Turktools for experimental linguistics

In joint work with Hadas Kotek, I developed turktools, a set of free, open-source tools that allow linguists with little background in programming to post linguistic surveys online, for example on Amazon’s Mechanical Turk crowdsourcing platform. Hadas Kotek and I taught a workshop series on the design of online experiments and the use of these tools at MIT.

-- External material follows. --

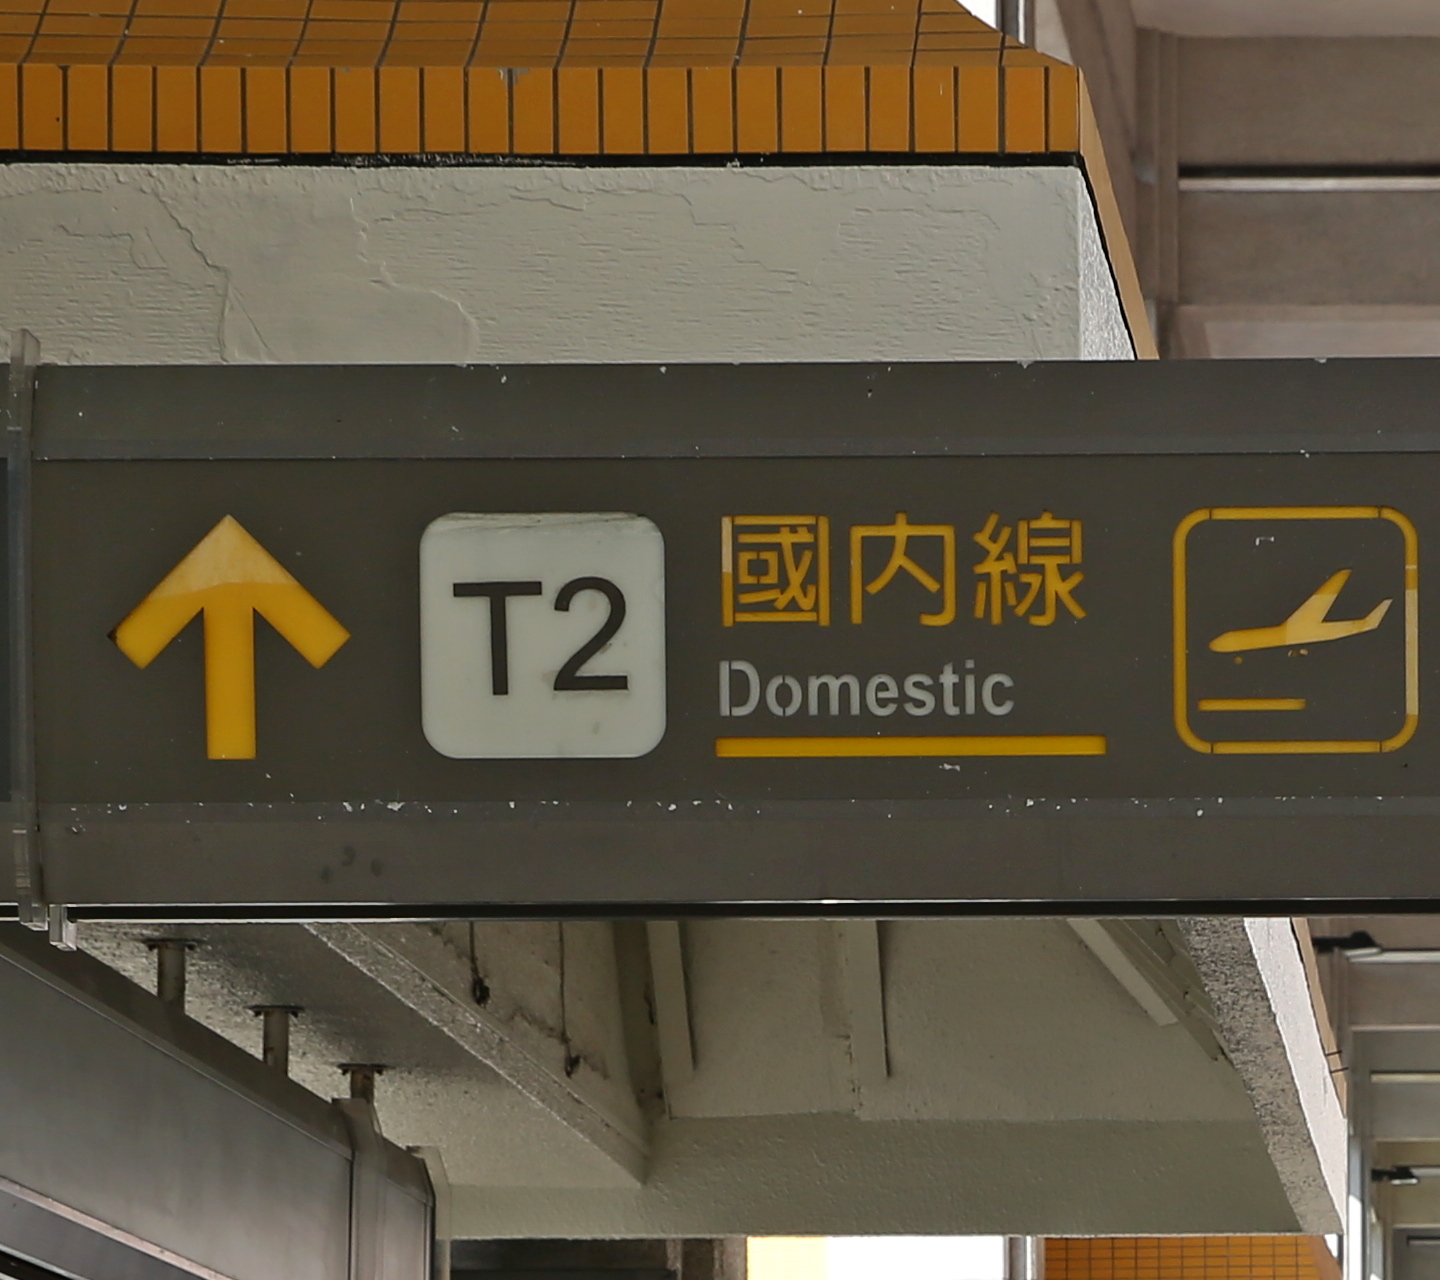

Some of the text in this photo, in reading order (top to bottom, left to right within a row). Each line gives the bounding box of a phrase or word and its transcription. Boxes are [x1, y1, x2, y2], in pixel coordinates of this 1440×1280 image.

The constituency of hypertext corpora

A unique property of the hypertext medium is that authors naturally identify certain stretches of text as units, in the form of inline hyperlinks. What kind of linguistic objects are inline hyperlinks? I have investigated this question through a 5.7M word corpus of English hypertext, which includes 375k links. Manual annotation of a sample of 5,000 links in the corpus found that 94% of inline links are constituents in their host sentences, with the exceptions largely clustering into other kinds of linguistic objects, e.g. constituents modulo a large adjunct not included at the right edge. I am pursuing the hypothesis that hyperlinking is a process constrained by the author’s knowledge of the text’s underlying linguistic structure, and therefore could ultimately be used as a test for syntactic constituency, once we better understand the possible range of exceptions.

Multilingual command parsing for Ubiquity

In 2009, I worked as a researcher at Mozilla, the organization behind the Firefox web browser. I contributed to the development of Ubiquity, an open-source, text-based natural language interface for the browser. I led the design and development of a lightweight parser which could then be easily localized by the community.